Thursday, July 17, 2008

Rebate Checks Round 2: Bad Idea

There is a possibility of another round of rebate checks from the government to stimulate the economy. I disagree with this kind of thinking due to the fact that the feds will have to borrow tens of billions of dollars to pay for the package, just as they did earlier this year. In fact, they had to borrow $191 billion.

Going further into debt to China and other international lenders is a TERRIBLE idea, and I renew my objections to it. This proposal should not see the light of day.

No government should spend more money than it takes in. There's a reason that the economy is in the condition that it's in: we are $10 trillion in debt, our dollars are devaluing on the international market, which is also helping to drive up the price of fuel, which is driving up the cost of everything else.

This is NUTS, and we have to put our collective foot down somewhere to break this vicious cycle.

Wednesday, July 02, 2008

Conservatives Have it Wrong on Two Key Issues: the Death Penalty and Habeas Corpus

I am again at odds with mainstream conservatism over two stands that they've decided to continue this election year. And I'm not sure how this will affect my vote in the fall.

The first issue is the death penalty. When the Supreme Court ruled--correctly--on the proportionality of the death penalty to heinous crimes (such as the child rape case) where the victim survives, the conservatives loudly denounced the decision and blasted the majority opinion.

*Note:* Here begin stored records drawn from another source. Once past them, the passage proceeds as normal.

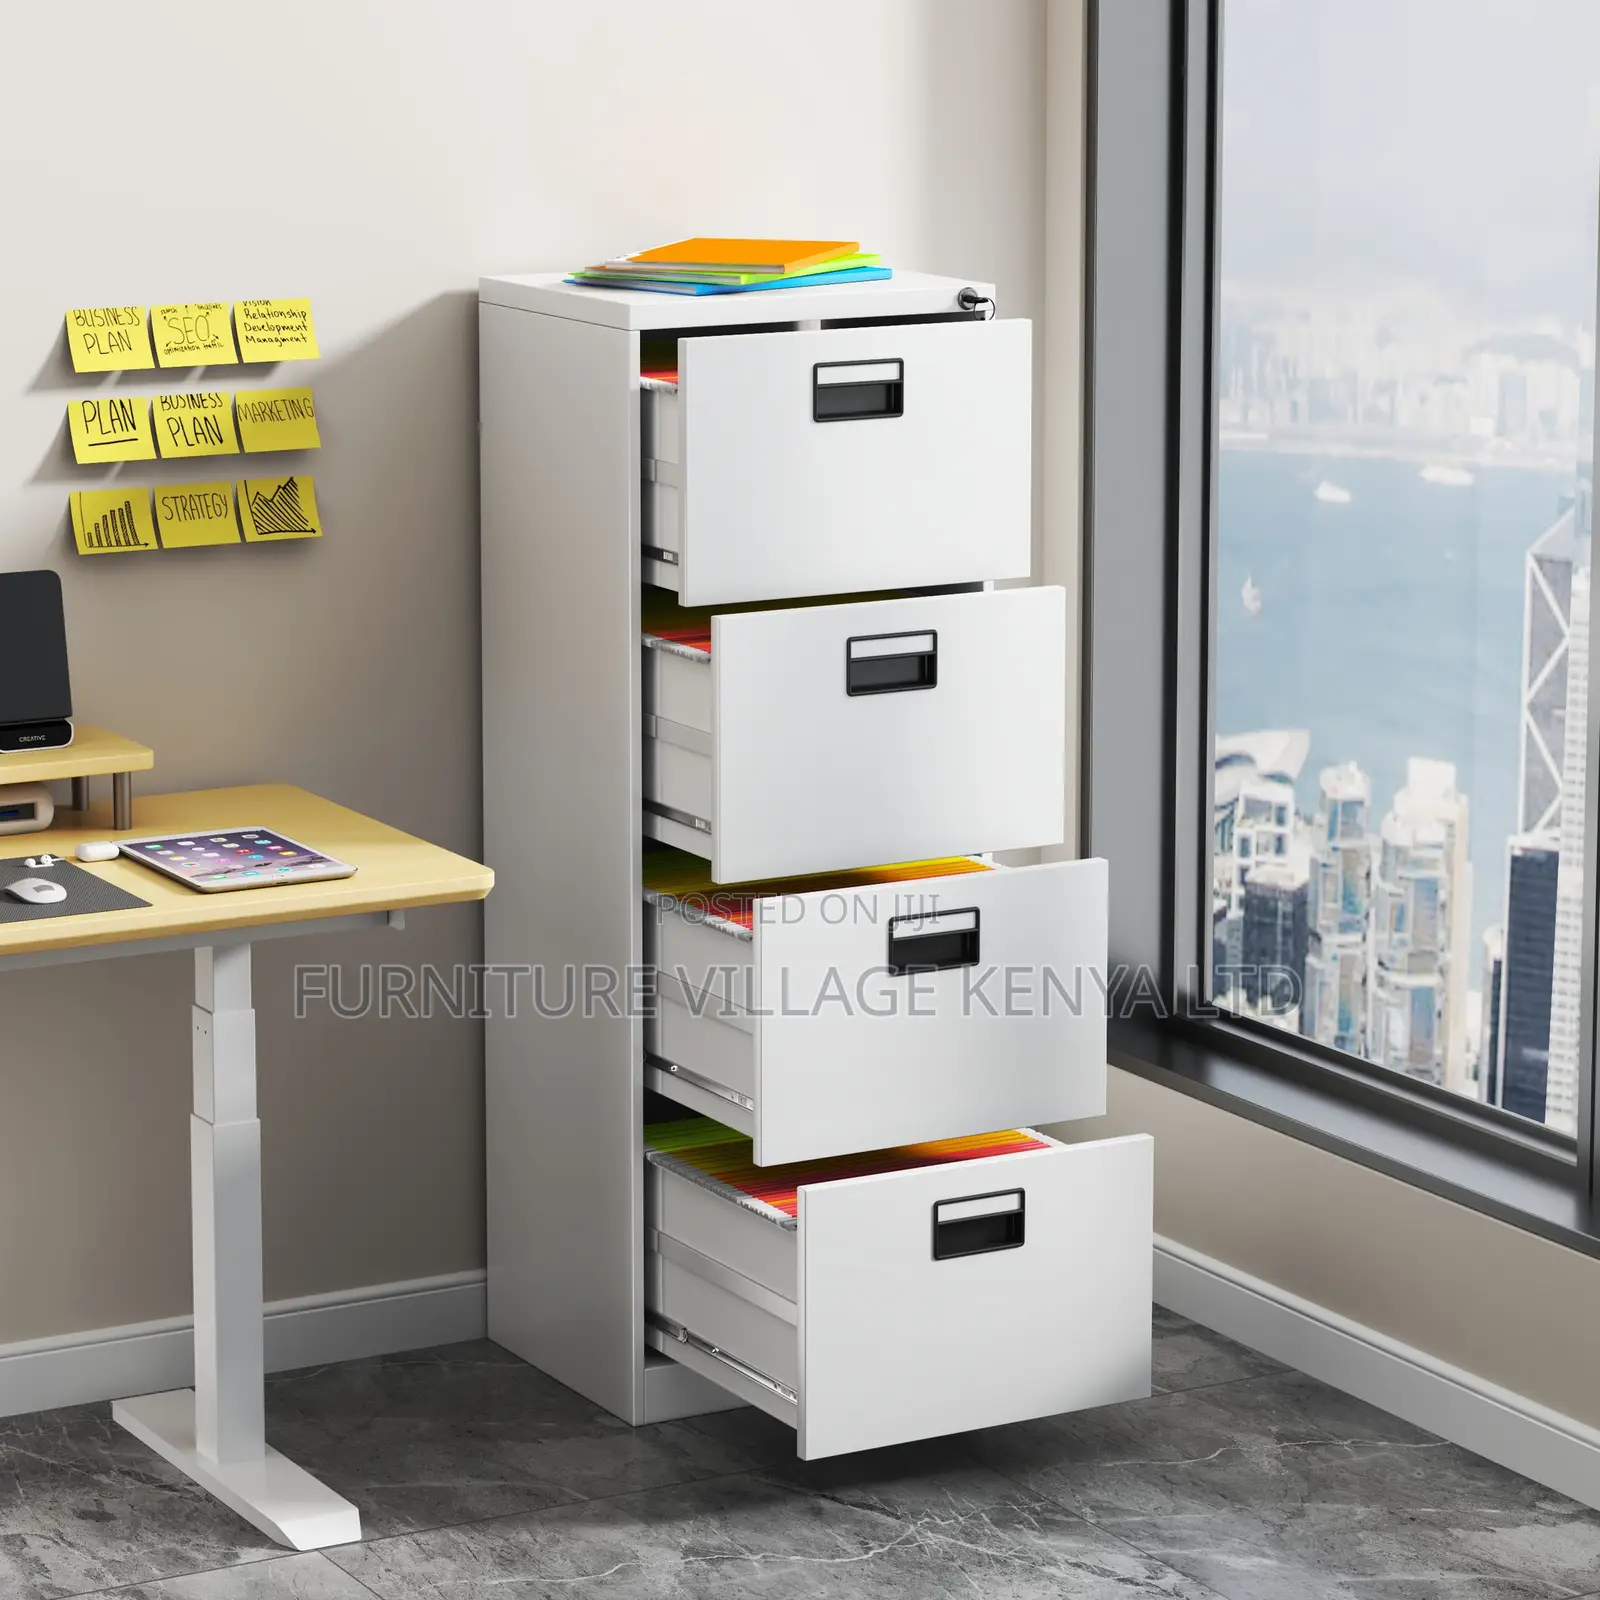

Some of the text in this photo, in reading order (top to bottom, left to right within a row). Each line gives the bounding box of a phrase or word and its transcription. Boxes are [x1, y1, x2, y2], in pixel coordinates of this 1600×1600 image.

[73, 306, 140, 327] BUSINESS
[244, 308, 307, 321] Relationship
[168, 315, 210, 345] SEO
[244, 321, 307, 335] Development
[245, 333, 307, 347] Managment
[83, 329, 132, 355] PLAN
[160, 392, 223, 411] BUSINESS
[237, 397, 315, 423] MARKETING
[82, 398, 137, 435] PLAN
[166, 414, 224, 447] PLAN
[162, 492, 228, 522] STRATEGY

The holier-than-thou attitude toward employing the death penalty that has been coming from conservatives is wearing more than a little thin. At the very least, they should be denouncing the error-riddled death penalty system and leading the charge to investigate every case to make certain that they are going to execute the right person for the right crime. DNA evidence is responsible for clearing at least one death row inmate every month. Until this evidence is considered, there should be a moratorium on executions across the country.

The other problem I see with the conservative movement is the unwillingness to extend the Writ of Habeas Corpus to captured enemy combatants at Guantanamo Bay and other U.S. military prisons around the world.

The media wrote that the Supreme Court "granted" the writ to Gitmo detainees. How can they "grant" the writ to detainees when they already have habeas corpus rights as determined by international law? The American and British governments made sure that it was written into the United Nations charter back in 1948.

Habeas Corpus (the right to challenge unlawful detention and petition for relief) is not just an American custom, as some people seem to think. If a detainee is a citizen of a UN signatory nation, then they have habeas corpus automatically. They don't need to be American citizens to have that basic human right. But the U.S. government has systematically ignored this little point.

What concerns me is the fact that a government that is unwilling to extend basic human rights to non-citizens is only a few steps away from engaging in this kind of conduct against it's own people too. All one has to do is look at what happened to Japanese-Americans during World War II to see that this has already happened in our history.

And the conservatives were braying like elephants when the Supreme Court decided in favor of making sure that the government follows the rules which it is bound to follow, both within the framework of our own Constitution, and with the United Nations charter.

I can't ignore either of these issues in the fall.